French cardinal and statesman

Guillaume Briçonnet (/fr/; 1445-14 December 1514) was a French cardinal and statesman.

==Political career==

Born at Tours, Guillaume Briçonnet was a younger son of Jean Briçonnet, Lord of Varennes, in Touraine, Secretary to the king and collector-general of Customs. Appointed Superintendent of Finances for the Province of Languedoc under Louis XI of France, Guillaume Briçonnet discharged the duties of his office with such integrity and efficiency, and showed himself so devoted to the interests of Louis that that monarch recommended him to his successor. Charles VIII of France made him Secretary of the Treasury. He also raised him to the first place in the Council of State, and, according to the historian Francesco Guicciardini, would undertake nothing in the government of his kingdom without the advice of Briçonnet.

Ludovico Sforza, called the Moor, wishing to dispossess his nephew of the Duchy of Milan, and finding himself opposed by Ferdinand I of Naples, sent an embassy under the Carlo Barbiano di Belgioioso to Charles to induce the king of France to assert his claims to the Kingdom of Naples as heir to the house of Anjou. Sforza promised to place all his troops at the king's service.

==Ecclesiastical career==

By 1487, Briçonnet’s wife Raoulette had died; as a widower, he decided to enter the church.

To flatter his ambition the Milanese ambassadors assured him that the king's influence would raise him to the cardinalate. Briçonnet, thus won over to the Sforza interest, adroitly encouraged the warlike dispositions of his sovereign, triumphed over the opposition of the royal council, of the Duke of Bourbon, and of Anne of France, the Duke's wife, influenced Charles to sign a secret treaty with Sforza, and assured the king of his ability to raise the funds necessary to carry on the war both on land and sea. He was named as the Bishop of St.-Malo in 1493.

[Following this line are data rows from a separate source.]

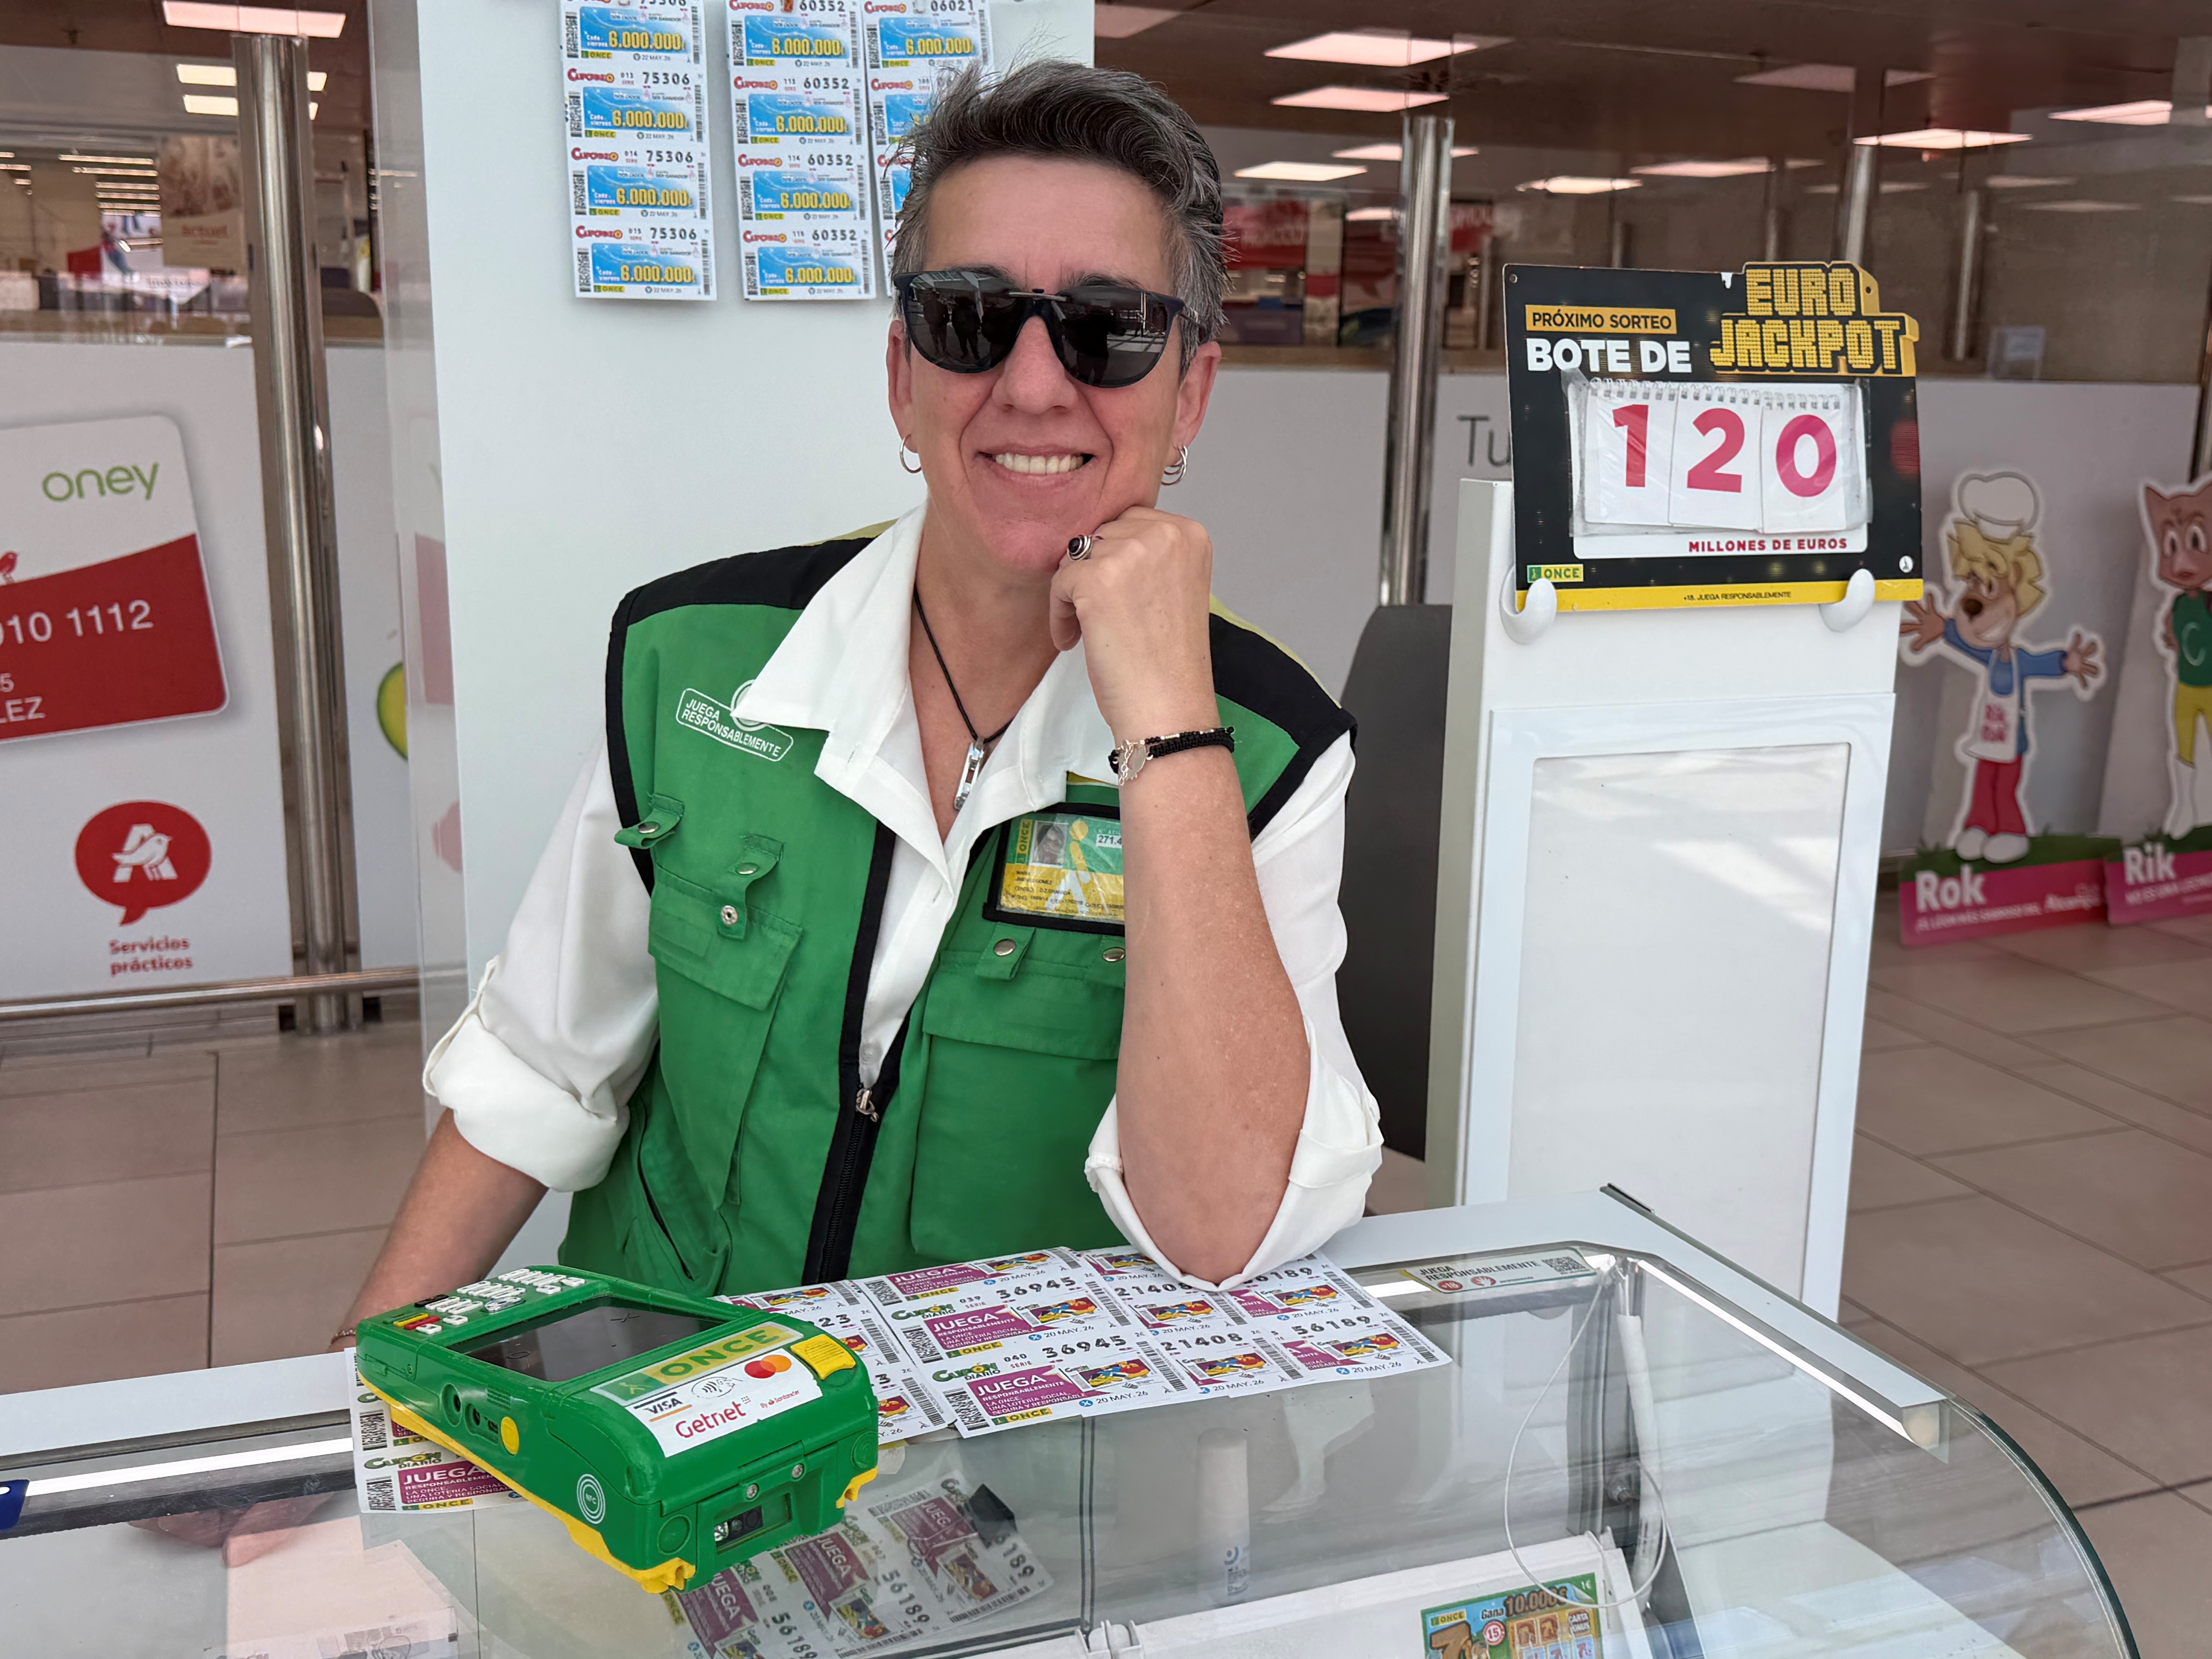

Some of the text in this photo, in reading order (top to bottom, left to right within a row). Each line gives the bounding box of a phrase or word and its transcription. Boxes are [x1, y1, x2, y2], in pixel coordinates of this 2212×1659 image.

[800, 1, 845, 12] 60352
[931, 0, 974, 11] 06021
[642, 72, 690, 84] 75306
[804, 78, 849, 89] 60352
[646, 150, 693, 163] 75306
[808, 155, 853, 166] 60352
[650, 228, 697, 240] 75306
[812, 230, 857, 240] 60352
[1747, 268, 1856, 316] EURO
[1532, 309, 1672, 330] PRÓXIMO SORTEO
[1710, 319, 1900, 370] JACKPOT
[1527, 337, 1692, 373] BOTE DE
[1456, 415, 1512, 467] Tu
[43, 462, 160, 501] oney
[1688, 538, 1847, 552] MILLONES DE EUROS
[1544, 568, 1580, 579] ONCE
[1721, 591, 1791, 600] RESPONSABLEMENTE
[0, 599, 154, 646] 10 1112
[686, 699, 720, 721] JUEGA
[682, 709, 781, 757] RESPONSABLEMENTE
[2123, 842, 2175, 885] Rik
[1915, 864, 1986, 913] Rok
[109, 936, 189, 955] Servicios
[110, 954, 193, 977] prácticos
[895, 1268, 957, 1283] JUEGA
[1243, 1267, 1312, 1284] 6189
[1420, 1266, 1455, 1276] JUEGA
[1426, 1261, 1541, 1281] RESPONSABLEMENTE
[921, 1287, 956, 1297] ONCE
[996, 1277, 1077, 1299] 36945
[922, 1309, 956, 1318] DIARIO
[933, 1313, 999, 1332] JUEGA
[938, 1318, 1016, 1336] RESPONSABLEMENTE
[1291, 1316, 1370, 1334] 56189
[964, 1342, 1001, 1353] ONCE
[1004, 1353, 1027, 1362] 040
[1042, 1335, 1126, 1358] 36945
[1161, 1333, 1243, 1352] 21408
[660, 1329, 780, 1376] ONCE
[965, 1369, 1001, 1381] DIARIO
[978, 1374, 1046, 1396] JUEGA
[982, 1381, 1064, 1401] RESPONSABLEMENTE
[775, 1390, 800, 1404] Santander
[644, 1398, 683, 1414] VISA
[1009, 1408, 1051, 1421] ONCE
[675, 1401, 747, 1438] Getnet
[398, 1459, 441, 1468] DIARIO
[404, 1466, 484, 1485] JUEGA
[405, 1475, 493, 1490] RESPONSABLEMEN
[422, 1499, 470, 1509] ONCE
[585, 1493, 597, 1505] NFC
[817, 1537, 851, 1577] JUEGA
[882, 1570, 929, 1623] 56189
[1440, 1611, 1464, 1623] ONCE
[1481, 1608, 1504, 1620] Gana
[1487, 1627, 1501, 1640] 15

Pope Alexander VI, alarmed at the apparent danger threatening Italy, promised the cardinal's hat to Briçonnet if he could prevail upon Charles to abandon his enterprise; but Briçonnet, realizing that he could not govern without flattering the king's passion for conquest, urged him on, and, notwithstanding the dilapidated state of the treasury, succeeded in meeting the expenses of the war. Accompanying Charles on his expedition, he provoked a mutiny in the French army, by his treachery in sacrificing the Pisans, allies of France, to their enemies, the Florentines, and had he not hidden himself from the fury of the soldiers they would have taken his life. Upon this occasion, as upon others, Briçonnet's ambition led him into conduct at variance with his motto: Ditat servata fides. Charles had entered Rome as a conqueror, greatly irritated with Alexander VI for having stirred up opposition to him; but the adroit Briçonnet reconciled his royal master with the pope, and for reward received the cardinal's hat. This honour was conferred in a special consistory held in the king's presence on 16 January 1495. The new cardinal took the title of Cardinal of St.-Malo, from his episcopal see.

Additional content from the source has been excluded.